Monsieur le député, chaque jour, je suis amené à côtoyer ces Françaises et ces Français qui cherchent simplement à protéger leur patrimoine, à épargner tandis qu'on leur promet des lendemains difficiles, à s'en sortir aussi parfois. Comme vous, je suis un chef d'entreprise engagé, mais pas en politique, pas sous les ors de la République (qu'on ne taxe pas, ceux-là, bien au contraire). Je suis engagé dans un combat beaucoup plus modeste et terre-à-terre, celui de la sécurité financière de mes concitoyens.
Aujourd'hui, les grands argentiers des pays européens, la France en tête, appellent de leurs vœux une inflation qui devrait les aider à maintenir l'équilibre précaire d'une économie basée sur la dette. Mais pendant ce temps-là, tout en bas de l'échelle, il y a les Français à qui cette inflation fait peur parce qu'elle se traduira par une hausse des prix.

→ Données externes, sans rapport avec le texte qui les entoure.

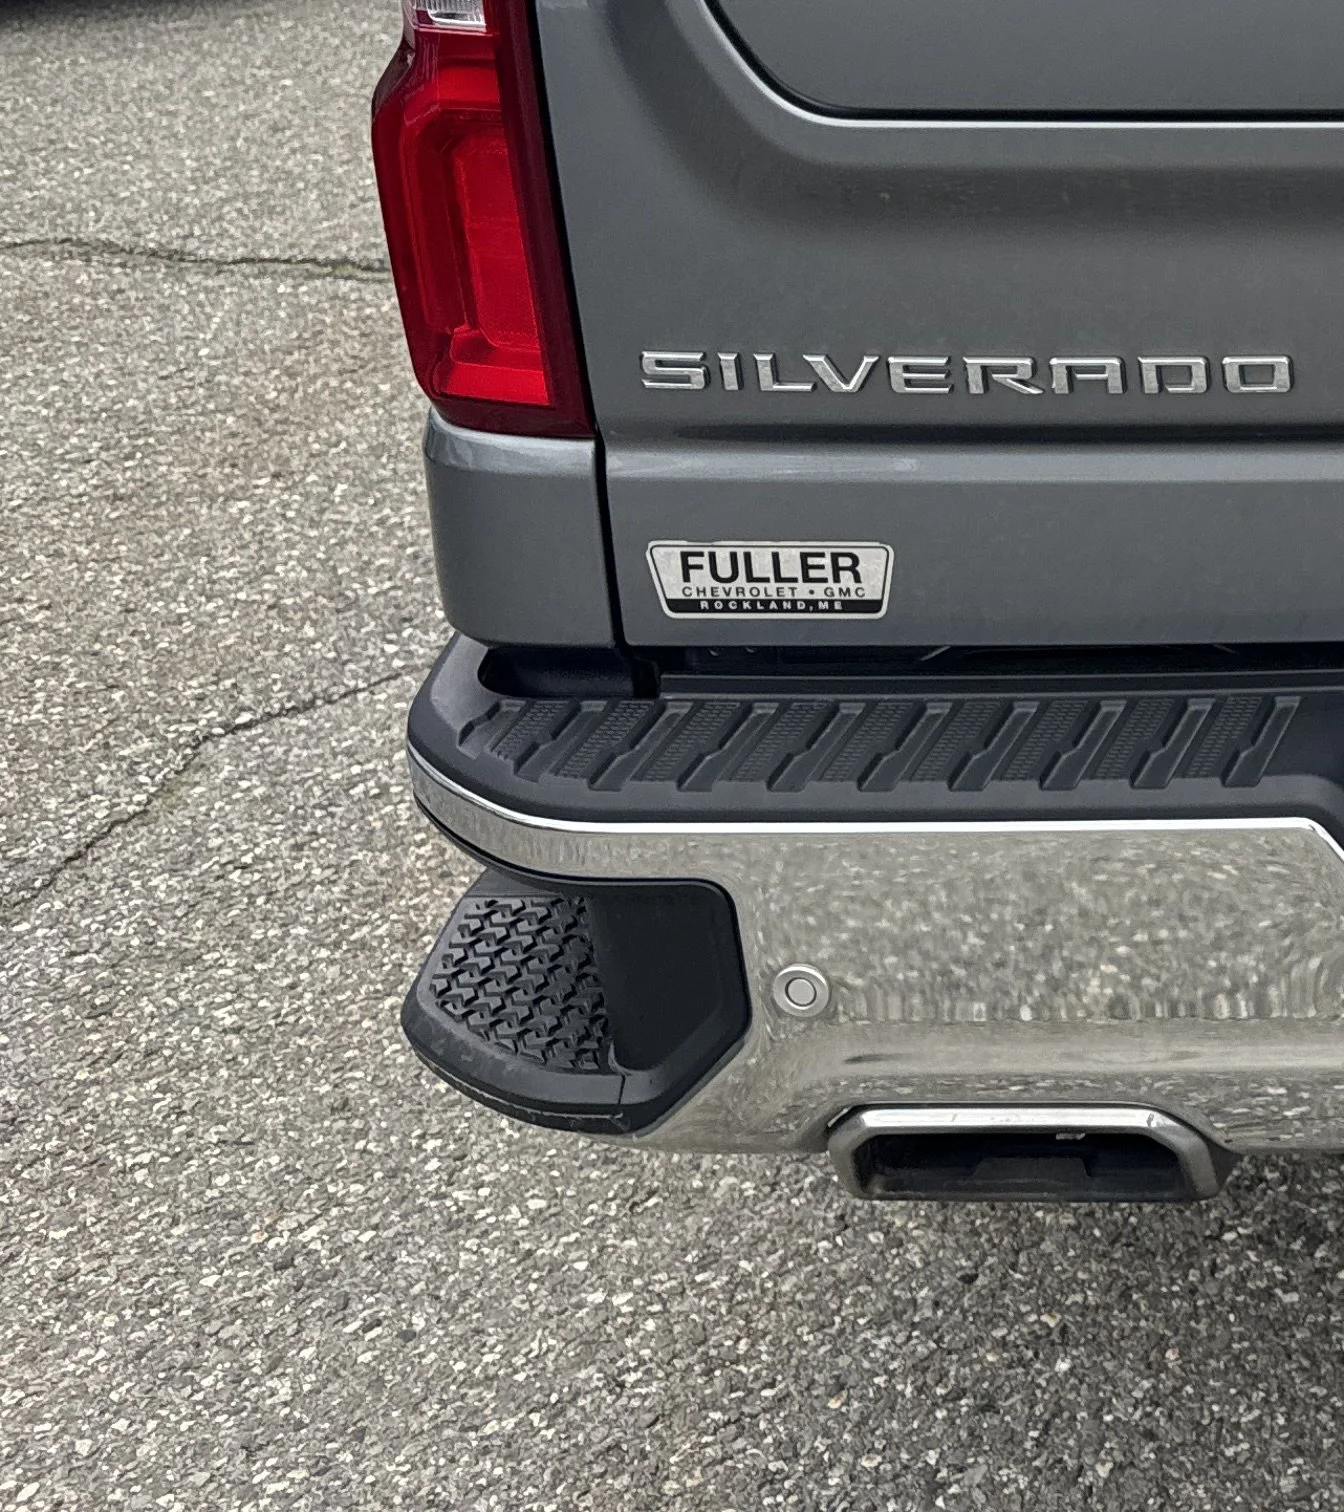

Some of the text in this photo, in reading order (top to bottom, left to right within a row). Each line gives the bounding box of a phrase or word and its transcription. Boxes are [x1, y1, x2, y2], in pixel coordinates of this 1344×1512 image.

[639, 349, 1294, 396] SILVERADO
[679, 550, 863, 584] FULLER
[681, 585, 867, 598] CHEVROLET GMC
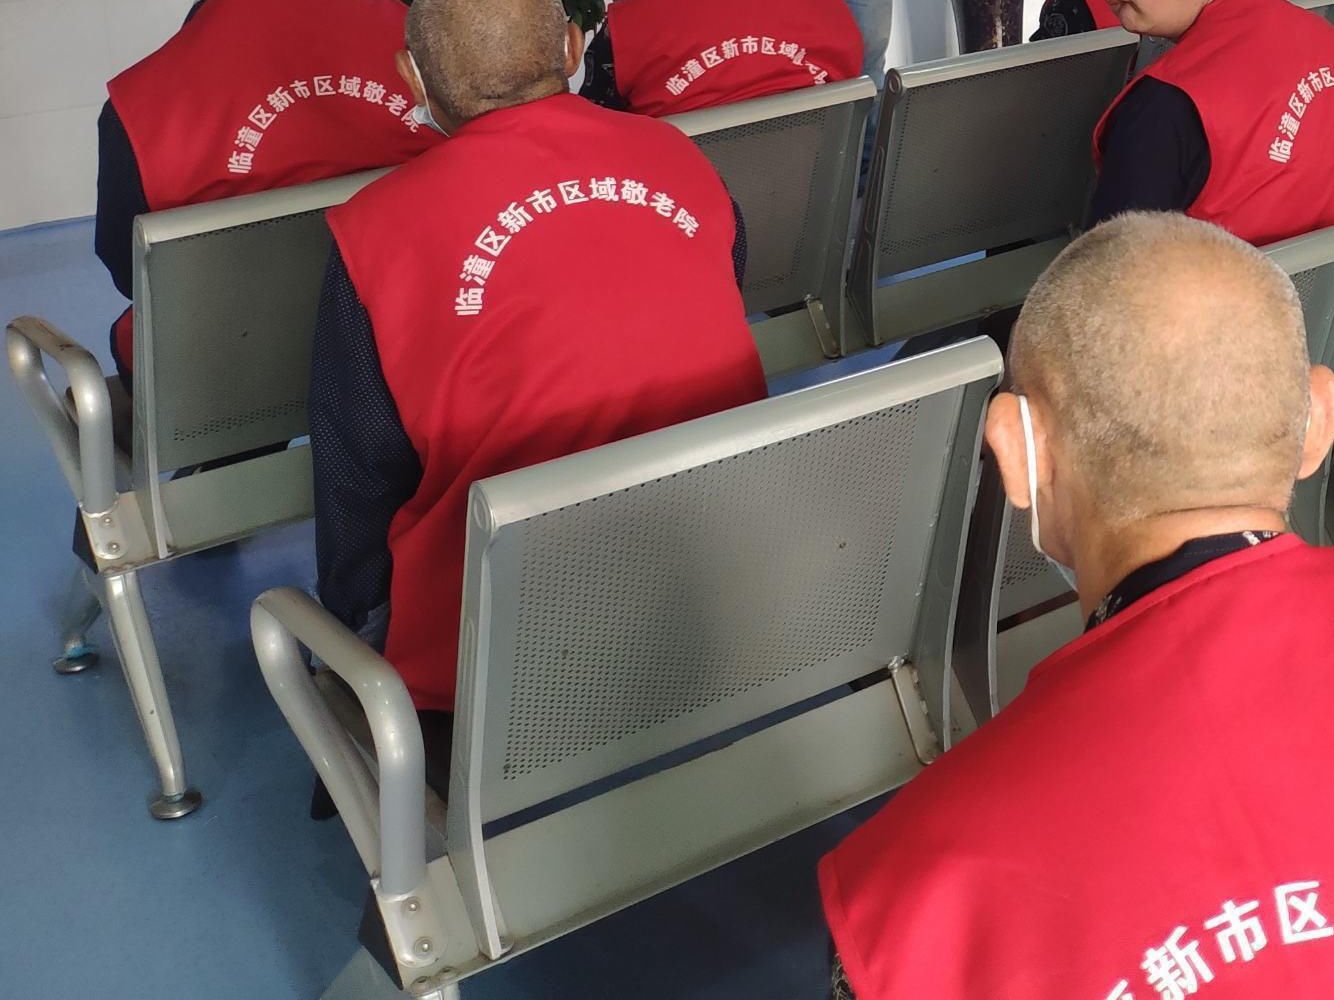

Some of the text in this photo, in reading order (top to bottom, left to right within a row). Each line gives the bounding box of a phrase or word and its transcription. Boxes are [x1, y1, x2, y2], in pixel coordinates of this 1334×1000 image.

[454, 176, 700, 316] 临潼区新市区域敬老院

Il n'y a que deux choses qui n'augmenteront pas : leur salaire et le taux de rendement de leurs placements de "bon père de famille". Il y a longtemps que le Smic n'est plus indexé sur le coût de la vie, le livret A se traîne à 0.75% par an et l'assurance-vie attire chaque jour un peu plus l'appétit d'un fisc qui n'aime pas l'idée de voir 1600 milliards d'euros échapper à l'impôt.

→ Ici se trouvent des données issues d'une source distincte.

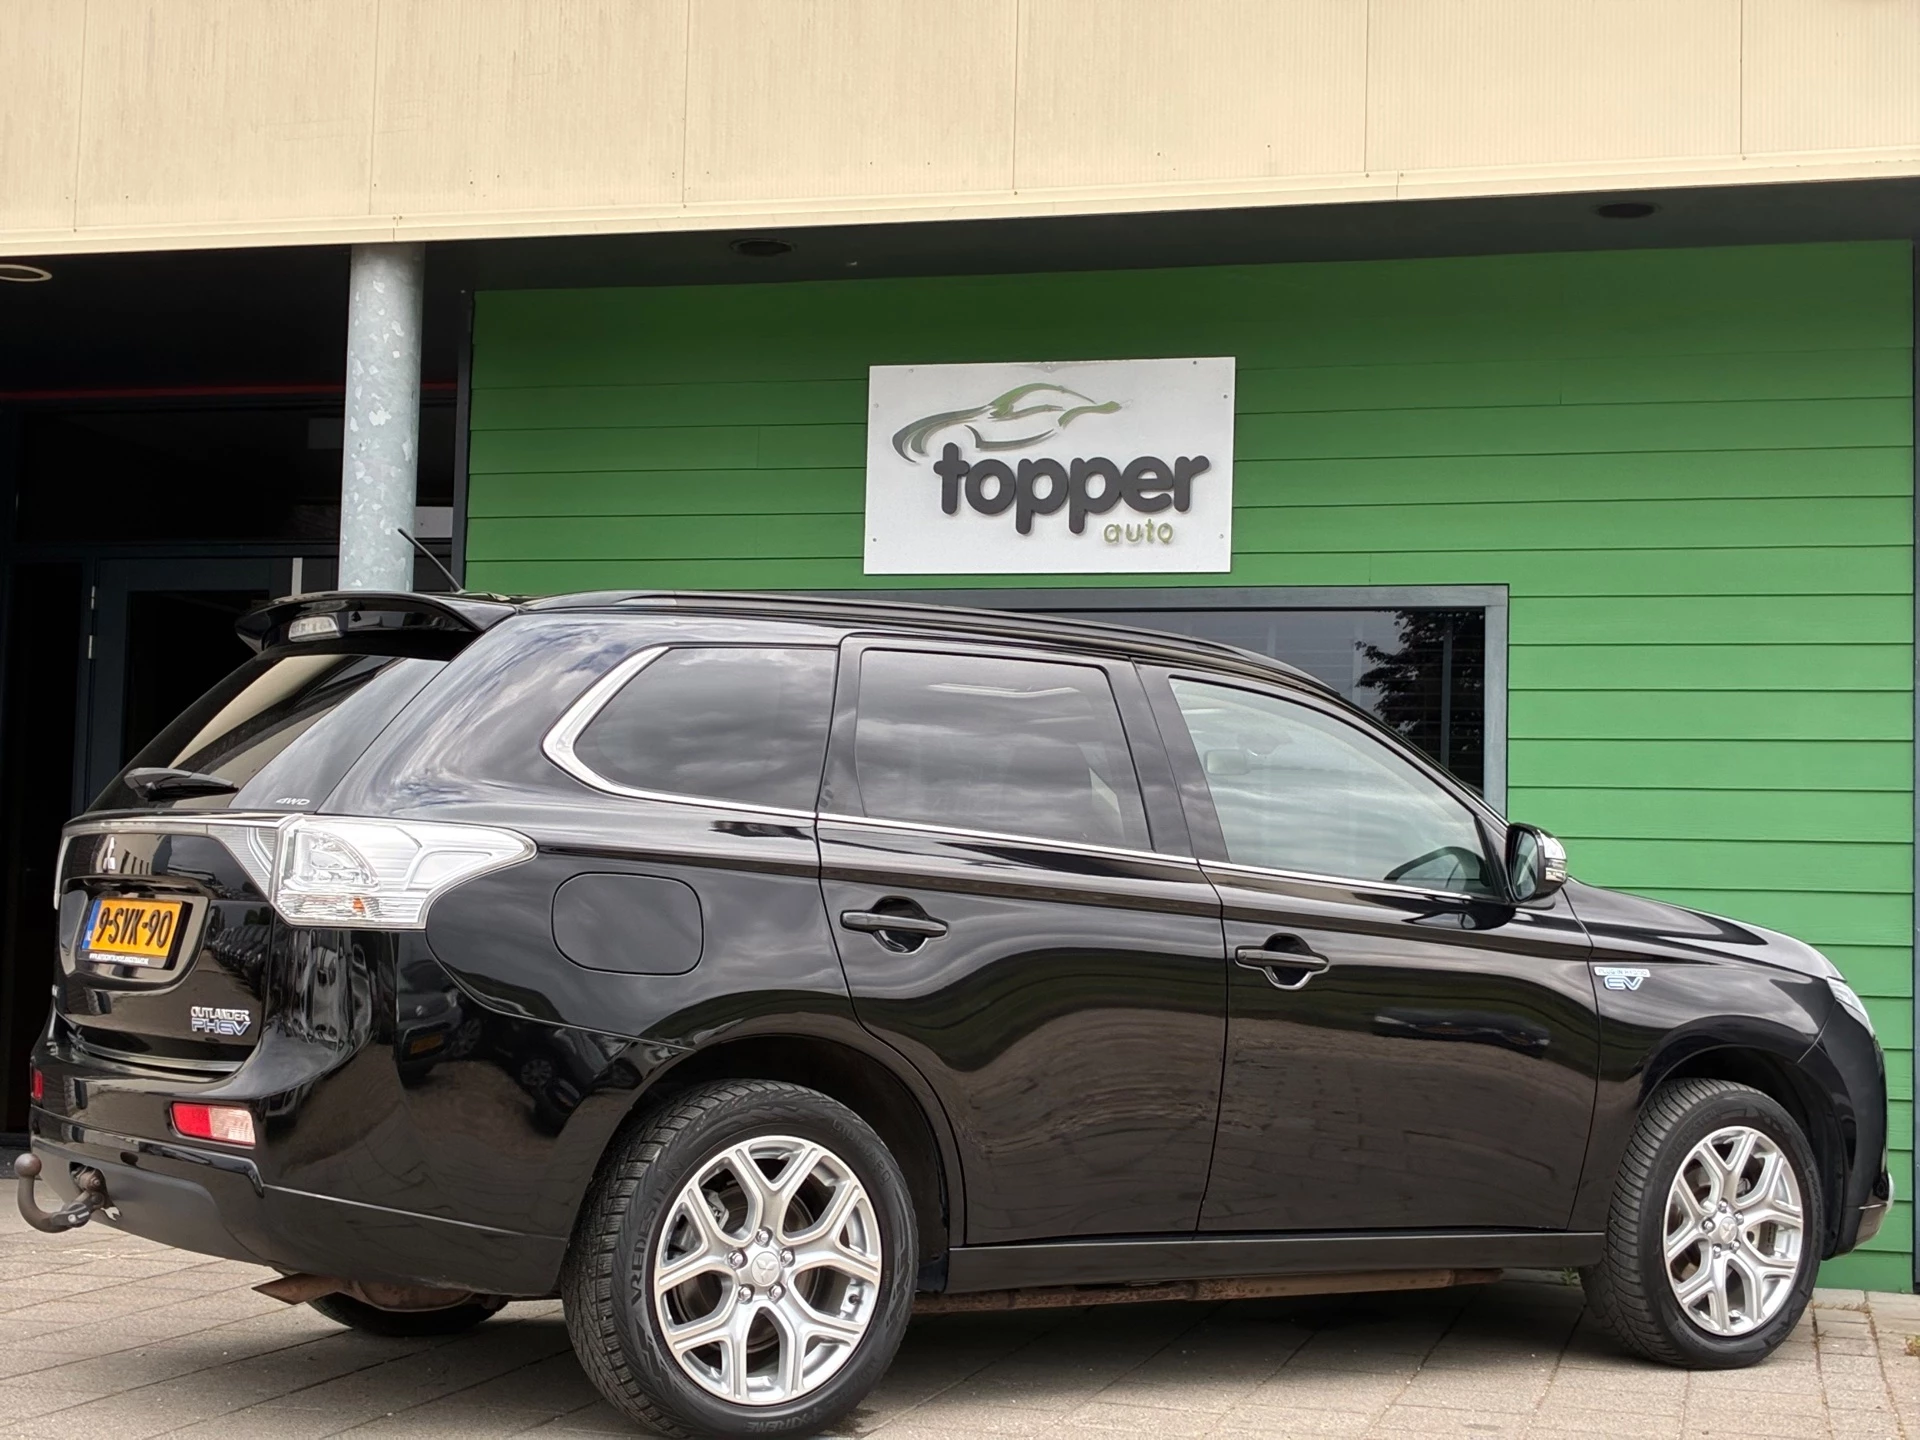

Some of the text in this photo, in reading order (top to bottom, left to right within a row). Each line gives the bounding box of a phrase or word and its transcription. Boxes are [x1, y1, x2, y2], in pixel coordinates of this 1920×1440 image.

[933, 442, 1209, 534] topper
[1103, 519, 1174, 545] auto
[275, 797, 311, 806] 4WD
[96, 907, 173, 949] 9-SVK-90
[1604, 976, 1644, 991] EV
[191, 1006, 250, 1021] OUTLANDER
[191, 1017, 251, 1036] PHEV

Restent l'or et l'argent, dont tout le monde sait qu'ils ne rapportent rien. On ne spécule pas avec les métaux précieux (c'est pour cela qu'ils n'intéressent pas les investisseurs professionnels), on s'assure simplement de préserver son pouvoir d'achat à venir. L'or et l'argent sont les outils de l'épargne populaire de précaution, et ils concernent dans une écrasante majorité des gens de catégorie sociale moyenne, voire basse.
Monsieur le député, en augmentant la taxe sur les métaux précieux, vous ne vous attaquez pas aux "signes extérieurs de richesse", vous pénalisez juste un peu plus ceux qui comptent sur leur modeste épargne en or ou en argent (4200 euros en moyenne, rappelons-le) pour garder la tête hors de l'eau.
En conservant cette augmentation de la TMP dans votre amendement à la loi de finance 2018, vous proposez donc tout simplement une mesure anti-pauvres, car eux-seuls ne pourront s'y soustraire.
Je vous demande donc respectueusement de bien vouloir réviser votre position et de ne pas taxer davantage les transactions en métaux précieux des particuliers, afin de laisser au peuple d'en bas la possibilité de se protéger des bouleversements économiques et boursiers dont il n'est pas responsable, mais bien au contraire la première victime.